Fri, Nov 02, 2007 - Page 15 News List

Dance imitates life in remembering Tsai Jui-yueh

By Diane Baker

The life of Tsai Jui-yueh, a pioneer of modern dance in Taiwan, will be celebrated this weekend.


PHOTO: COURTESY OF TESIJUI-YUEH DANCE FESTIVAL

Next weekend, an eclectic gathering of Taiwanese dancers will perform works by Taiwanese, Japanese and American choreographers in honor of dance legend Tsai Jui-yueh (蔡瑞月) outside the rebuilt Japanese-style studio that was her base in Taipei for decades.

The 12 works on the program are a reflection of Tsai's saga. Tsai, who died two years ago in Australia aged 84, is known as the founder of modern dance in Taiwan, but her life mirrored the history of this land.

Tainan-born Tsai defied her family with her passion for dance growing up, but her parents agreed to let her leave for Japan in 1937, aged 16, to study at a Tokyo academy run by renowned dancers Ishii Baka and his daughter, Ishii Midori.

Three of the pieces on the program were choreographed by Ishii and four are by Ishii Midori, now 95, who will be in Taipei for the performances. Her daughter, Orita Katsuko, who is 75, will perform a solo piece.

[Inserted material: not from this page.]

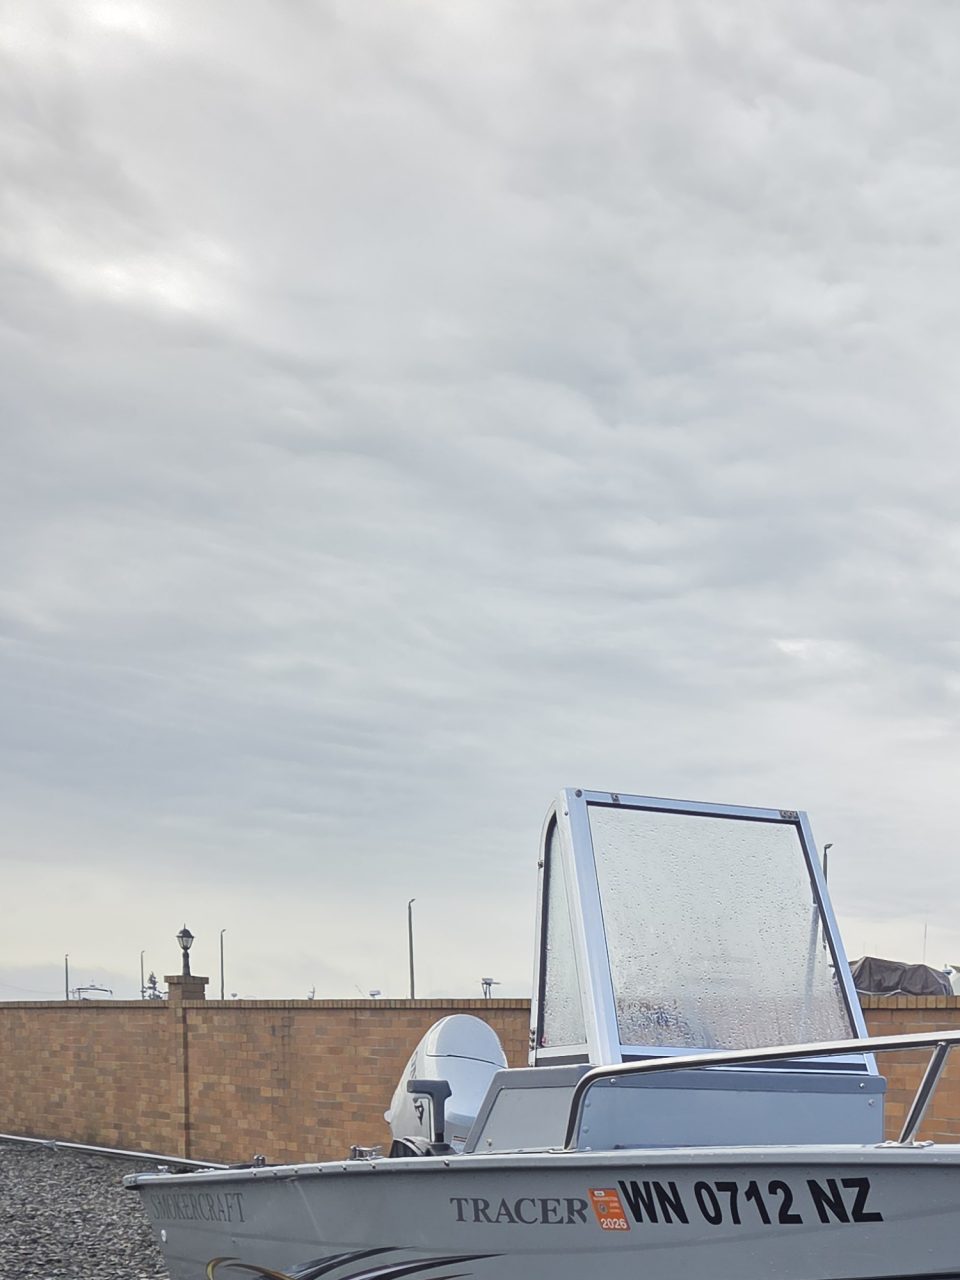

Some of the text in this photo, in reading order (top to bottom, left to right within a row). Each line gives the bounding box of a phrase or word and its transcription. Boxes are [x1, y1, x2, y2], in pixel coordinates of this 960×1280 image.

Tsai did not return to Taiwan until after World War II ended. Like many Taiwanese of the time, she spoke only Japanese and Hoklo (also known as Taiwanese). In 1947 she married poet and National Taiwan University literature professor Lei Shih-yu (雷石榆), who had helped her as a Mandarin translator. But Lei was arrested in 1949 and expelled to Guangdong Province, leaving Tsai and their year-old son behind. Tsai was detained a few months later and served three years as a political prisoner on Green Island.

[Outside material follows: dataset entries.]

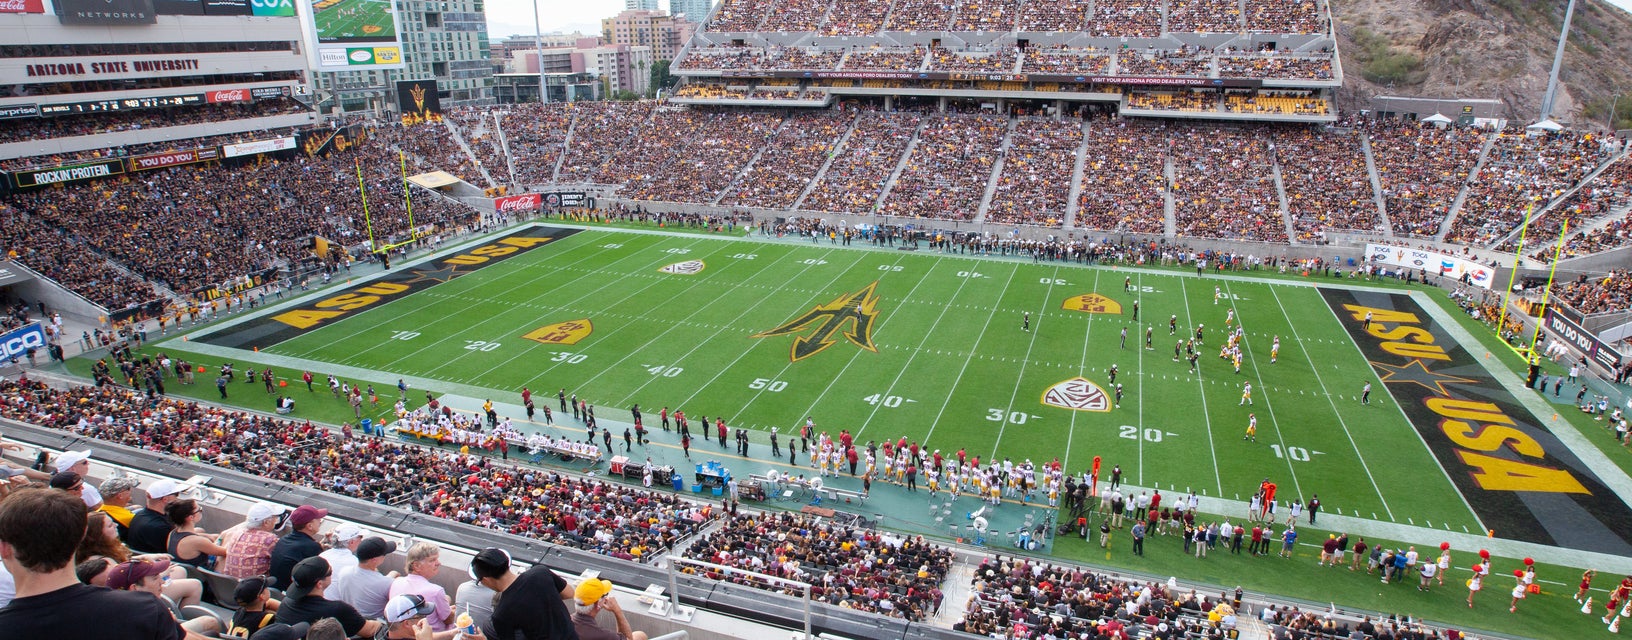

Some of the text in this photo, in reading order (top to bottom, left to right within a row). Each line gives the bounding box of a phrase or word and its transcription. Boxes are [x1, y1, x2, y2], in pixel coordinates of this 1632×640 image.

[26, 59, 199, 77] ARIZONA STATE UNIVERSITY
[214, 89, 243, 102] Coca-Cola
[139, 156, 160, 167] YOU
[160, 155, 174, 165] DO
[174, 153, 193, 164] YOU
[71, 164, 111, 180] PROTEIN
[501, 195, 536, 212] Coca-Cola
[1412, 251, 1428, 259] TOCA
[270, 282, 410, 329] ASU
[442, 236, 552, 265] USA
[391, 330, 421, 341] 10
[1552, 316, 1592, 352] YOU DO YOU
[463, 340, 501, 352] 20
[551, 351, 588, 364] 30
[647, 365, 684, 378] 40
[748, 378, 788, 392] 50
[863, 393, 903, 408] 40
[1342, 303, 1593, 497] ASU USA
[985, 408, 1028, 425] 30
[1119, 425, 1162, 443] 20
[1270, 444, 1311, 462] 10

She reopened her dance school in 1953 and in 1964 she established the China Dance Club Studio, which at its peak had eight branches around Taiwan.

While Tsai gained international attention for her work, the government kept her under close watch and barred her from traveling abroad. In 1983, however, she was able to immigrate to Australia, where her son worked for the Australian Dance Theatre. They left behind daughter-in-law Ondine Hsiao (蕭渥廷) to run the school.

Performance notes

WHAT: 2007 Tsai Jui-yueh Dance Festival II

WHEN: Friday at 8pm, Saturday and Sunday, Nov. 10 and Nov. 11 at 3:30pm and 8pm

WHERE: Tsai Jui-yueh Dance Research Institute/Rose Historic Site (蔡瑞月舞蹈社), 4F, 40-1, Zongshan N Rd Sec 2 (台北市中山北路二段40-1號4樓)

TICKETS: NT$450 and NT$600, available through artstickets.com.tw

On the Net: www.dance.org.tw)


The struggle of Tsai, and countless others, during the White Terror and Martial Law eras will be commemorated by American dance master Eleo Pomare's 2004 work, Tables.

Tsai's family connections will be marked by pieces by Ondine Hsiao and a new piece by her US-based younger sister, Grace Hsiao, set to music composed by Grace's husband, David Maurice.

More than 20 dancers from several companies will take part in the festival. Seating for the performances will be outside and the organizers said they are prepared for inclement weather.